The four metrics above all attack the same problem from slightly different angles. The interactive below puts them on the same chart so you can watch them disagree and agree. The setup: 50 synthetic data points generated from a true model that depends on exactly two features. The slider controls how many features the regression uses — slide right and the model gets features 1, 2, then 3, 4, ..., up to 10. Features 3 through 10 are pure noise.

Demo 05 · The penalty principle
2
Two features used — the true model. Features beyond this point are pure noise.
Adjusted R² AIC (rescaled) BIC (rescaled) Mallow's Cp (rescaled)
Never decreases as features are added — useless for model selection on its own.
Adjusted R²
Penalizes each new feature; drops when the added feature isn't worth its degree of freedom.
AIC
Lower is better. Penalty 2(n+2) — moderate; tends to pick slightly larger models.
BIC
Lower is better.
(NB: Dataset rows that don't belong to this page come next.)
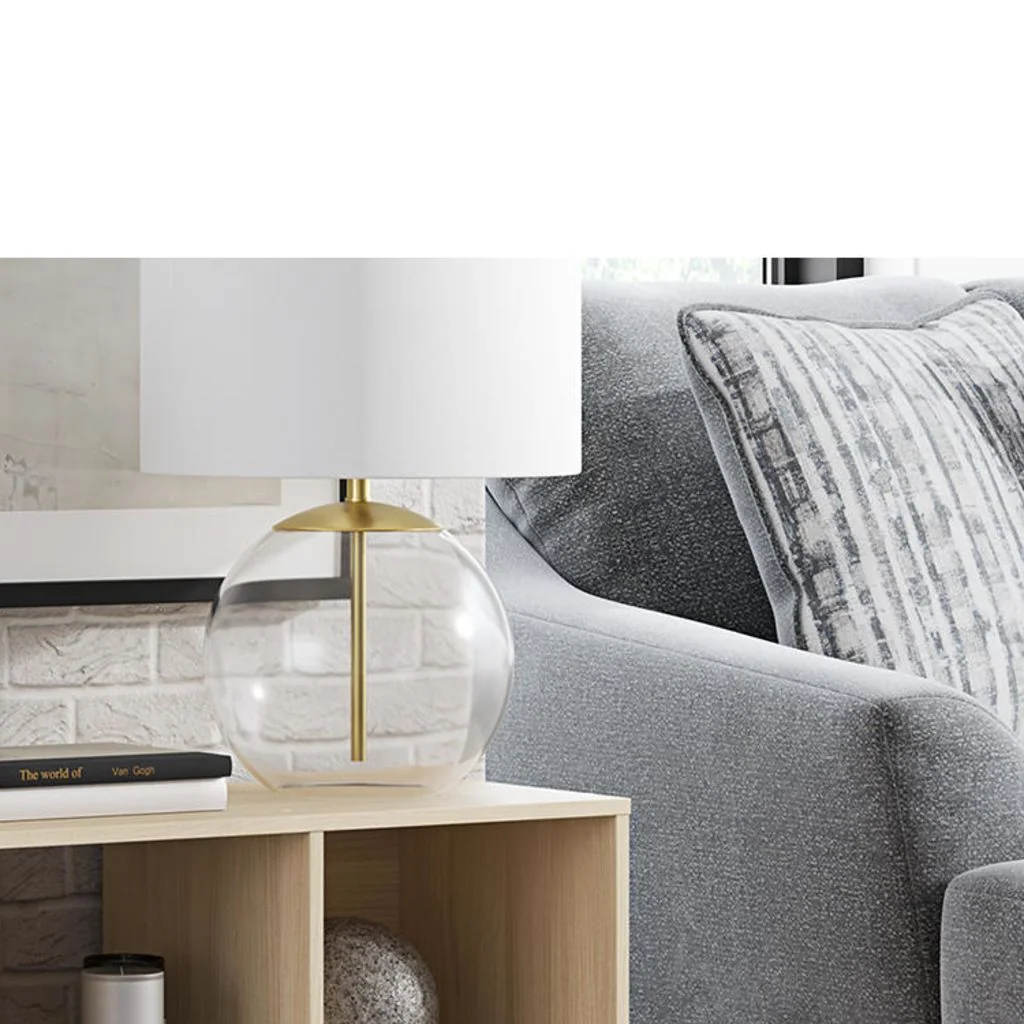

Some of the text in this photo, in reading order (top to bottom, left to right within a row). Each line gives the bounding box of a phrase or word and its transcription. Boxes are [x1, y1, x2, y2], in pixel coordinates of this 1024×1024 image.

[19, 766, 83, 781] The world of
[112, 767, 129, 777] Van
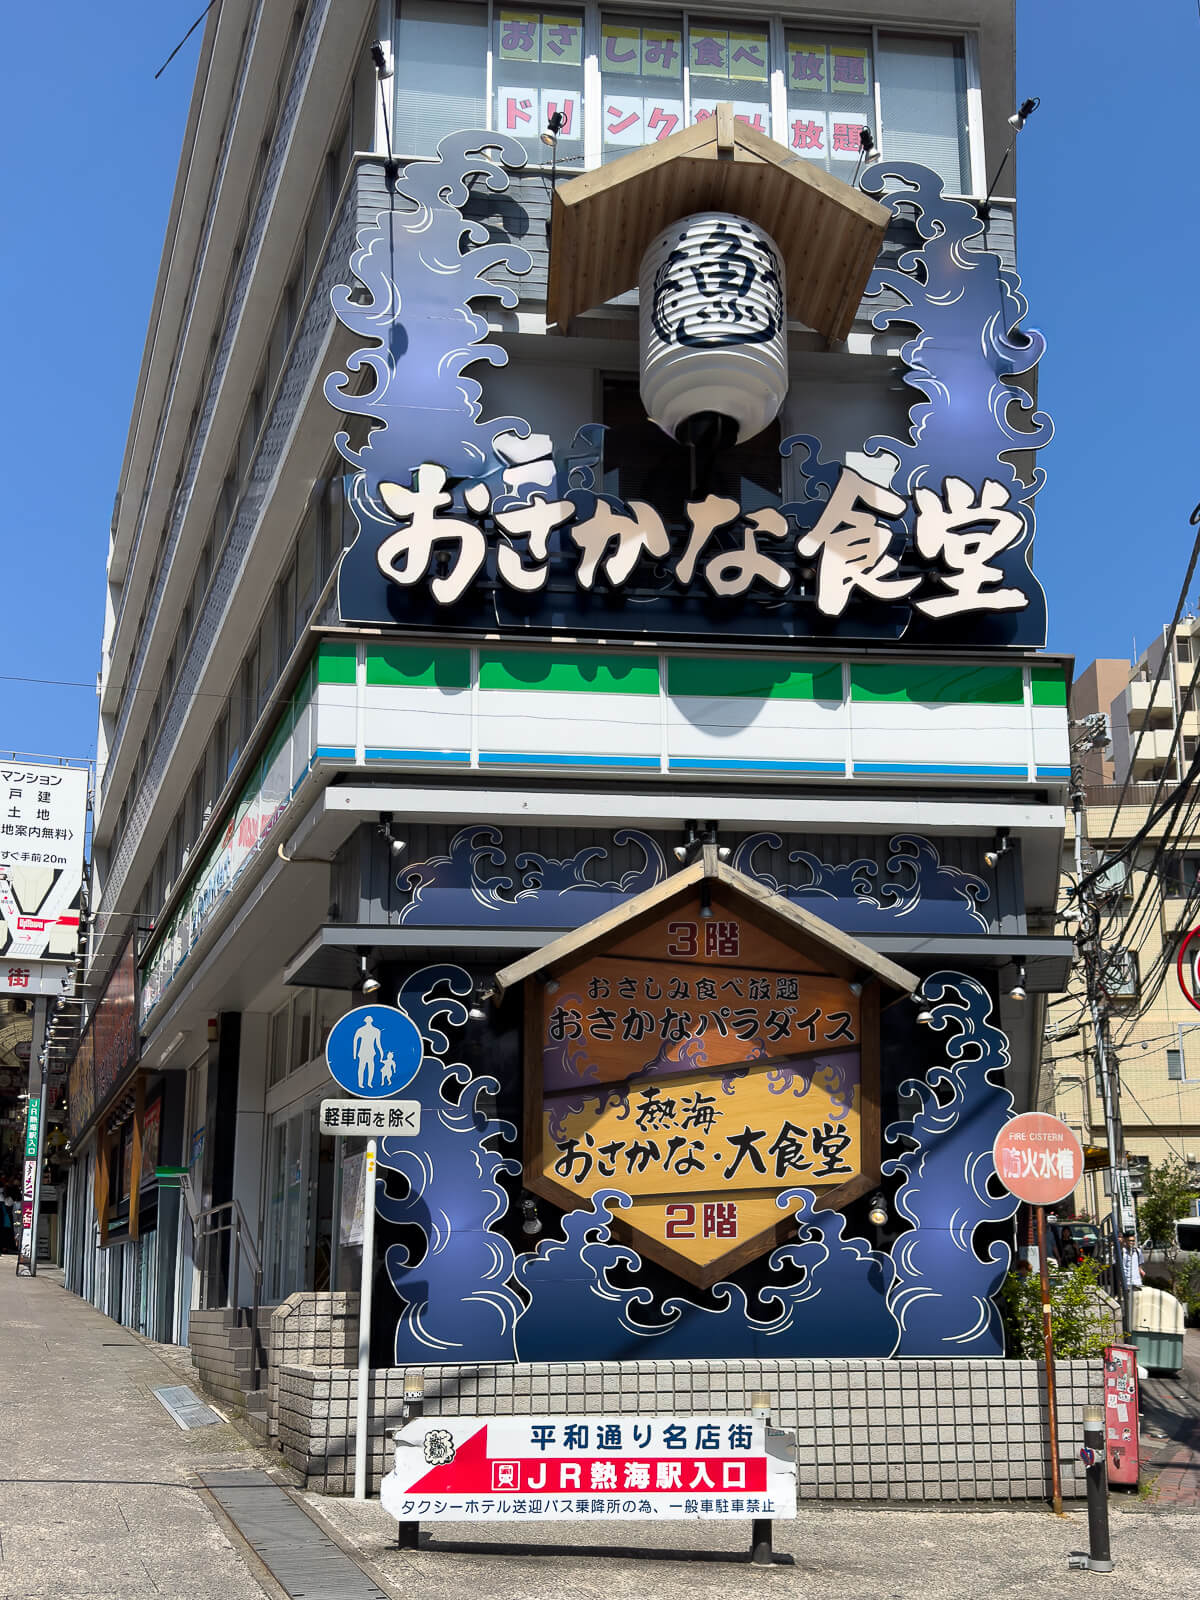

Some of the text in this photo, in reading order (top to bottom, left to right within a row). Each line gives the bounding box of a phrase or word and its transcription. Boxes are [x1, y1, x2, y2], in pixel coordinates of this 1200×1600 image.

[501, 20, 866, 85] おさしみ食べ放題
[376, 462, 1029, 618] おさかな食堂
[0, 770, 63, 786] マンション
[667, 921, 739, 957] 3階
[8, 967, 30, 987] 街
[587, 976, 801, 1001] おさしみ食べ放題
[549, 1006, 856, 1041] おさかなパラダイス
[323, 1107, 416, 1128] 軽車両を除く
[635, 1086, 724, 1134] 熱海
[1009, 1132, 1064, 1142] FIRE CISTERN
[665, 1202, 737, 1239] 2階
[531, 1423, 753, 1450] 平和通り名店街
[528, 1460, 747, 1490] JR熱海駅入口
Penalty log(m)(n+2) — stricter; prefers simpler models as m grows.
Mallow's Cp
A well-calibrated model has Cp ≈ n+1. Far above means underfitting; well below can indicate overfit on training data.
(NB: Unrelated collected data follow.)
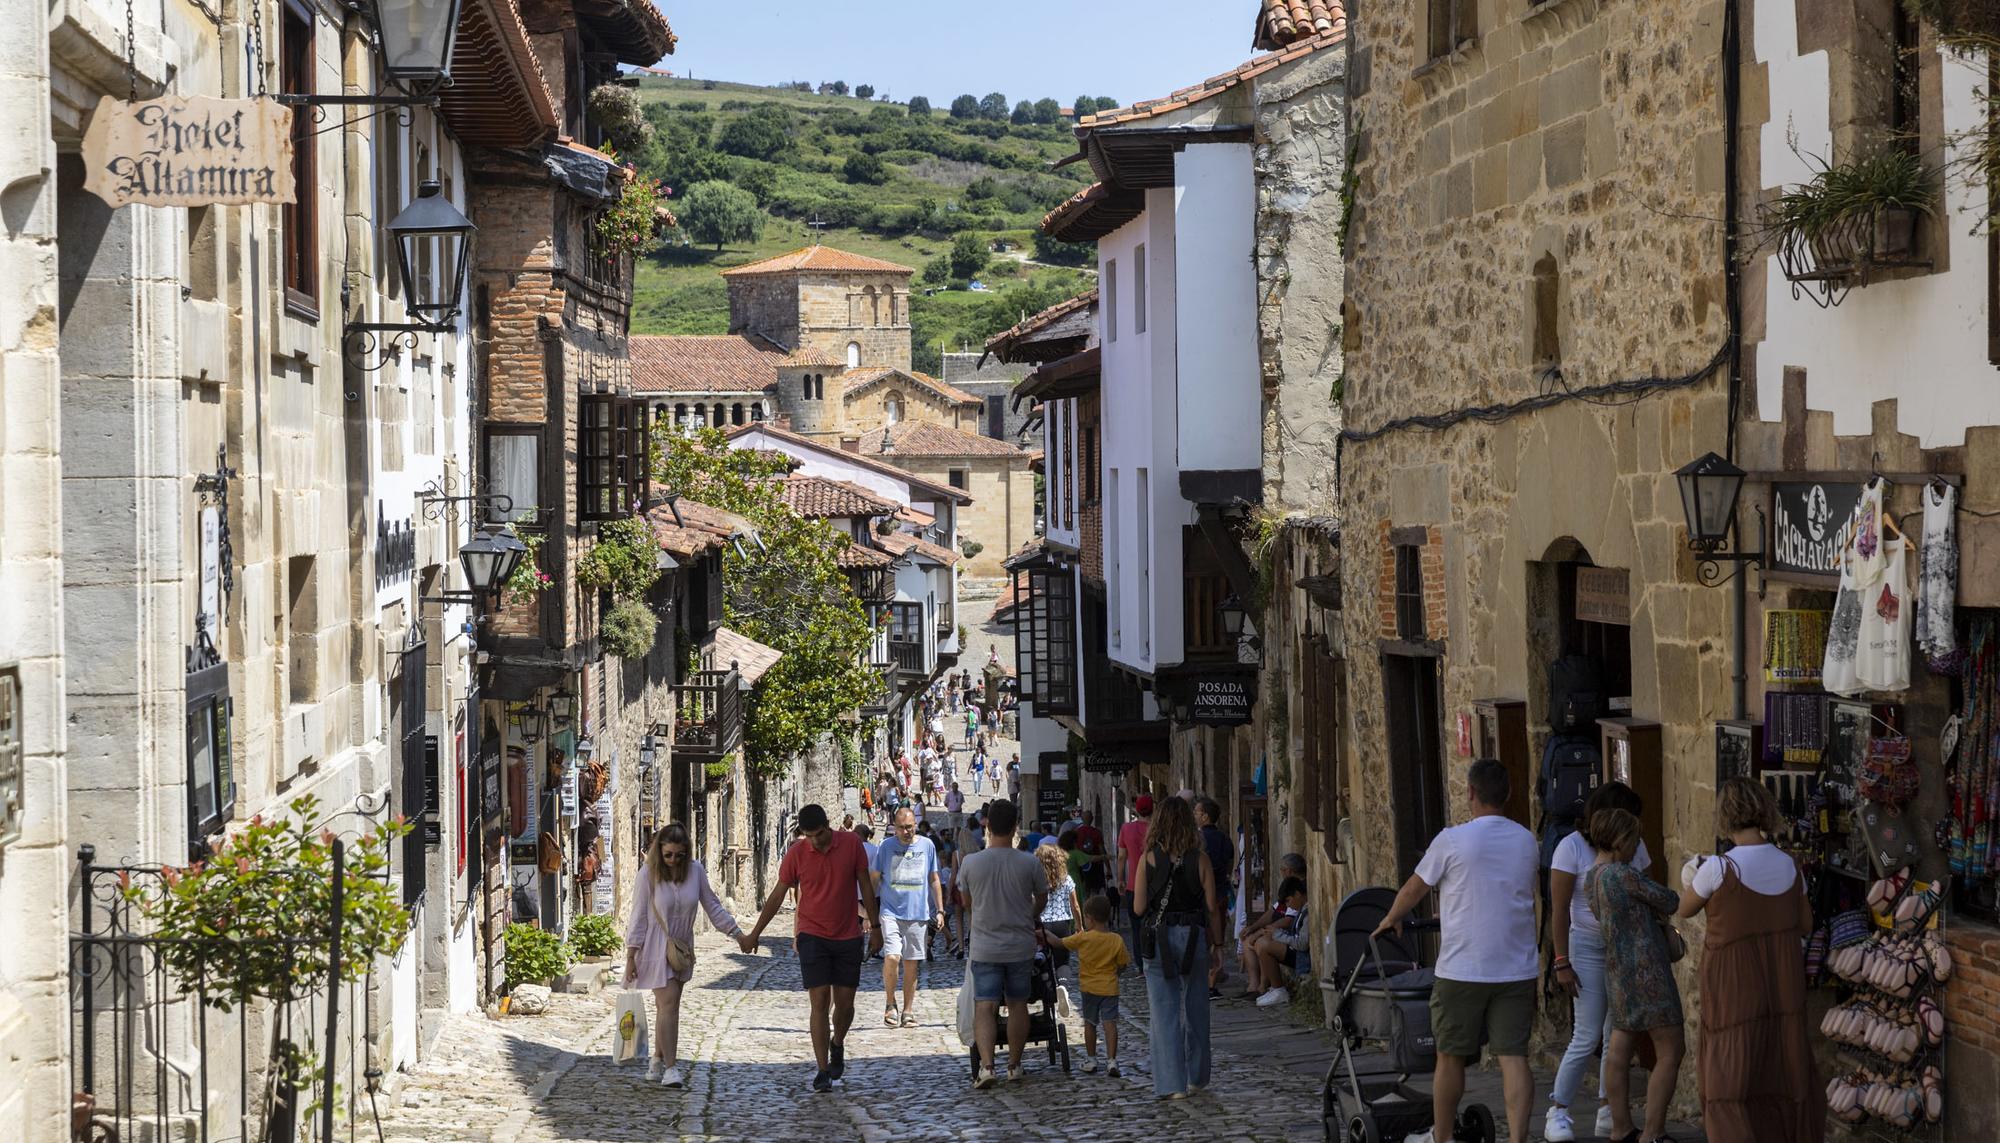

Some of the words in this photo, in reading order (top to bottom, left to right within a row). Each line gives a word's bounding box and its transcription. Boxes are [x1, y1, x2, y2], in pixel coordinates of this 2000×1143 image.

[105, 155, 276, 199] Altamira
[1775, 491, 1860, 571] CACHAVAC
[1774, 668, 1823, 678] TOBILLER
[1198, 682, 1243, 693] POSADA
[1194, 694, 1247, 706] ANSORENA
The pattern is what you should look for in your own work. R² climbs the whole way, hiding the overfit. Adjusted R² peaks at k=2 and starts dropping. AIC and BIC bottom out at k=2 and start rising. Mallow's Cp tracks (n+1) closely at k=2 and grows worse with the wrong number of features. The gap between R² and the penalized metrics is the overfitting signature — when R² says "great" and AIC says "no", trust AIC.

§ 16Regression reference

Metric Formula When to reach for it
SStotΣ(yᵢ − ȳ)² Total variation in the outcome. As the denominator in R²; as a "budget" check on data variability.
SSregΣ(f(xᵢ) − ȳ)² Variation introduced by the model. Diagnostic; for OLS equals SStot − SSres and powers R².
SSresΣ(yᵢ − f(xᵢ))² Variation left unexplained. The quantity OLS minimizes. Track directly during training.
1 − SSres/SStot Fraction of variance explained. Reporting a model's headline fit. Beware on held-out data — can go negative.
Adjusted R²1 − (1−R²)(m−1)/(m−n−1) R² with complexity penalty. Comparing nested linear models of different sizes.
Mallow's Cp(SSres + 2(n+1)σ̂²) / m Estimated test MSE in y-units. Classical subset selection in linear regression with a reference σ̂².
AIC2(n+2) − 2 log(L) Likelihood with moderate complexity penalty. Non-nested model comparison with predictive emphasis. Works beyond OLS.
BIClog(m)(n+2) − 2 log(L) Likelihood with stricter sample-size-aware penalty. When consistency matters and the true model is plausibly in the candidate set.

A pragmatic discipline that consistently outperforms blind allegiance to any single metric: look at several at once, treat large disagreements as signals that something is wrong, and validate the final model on data it never saw during selection.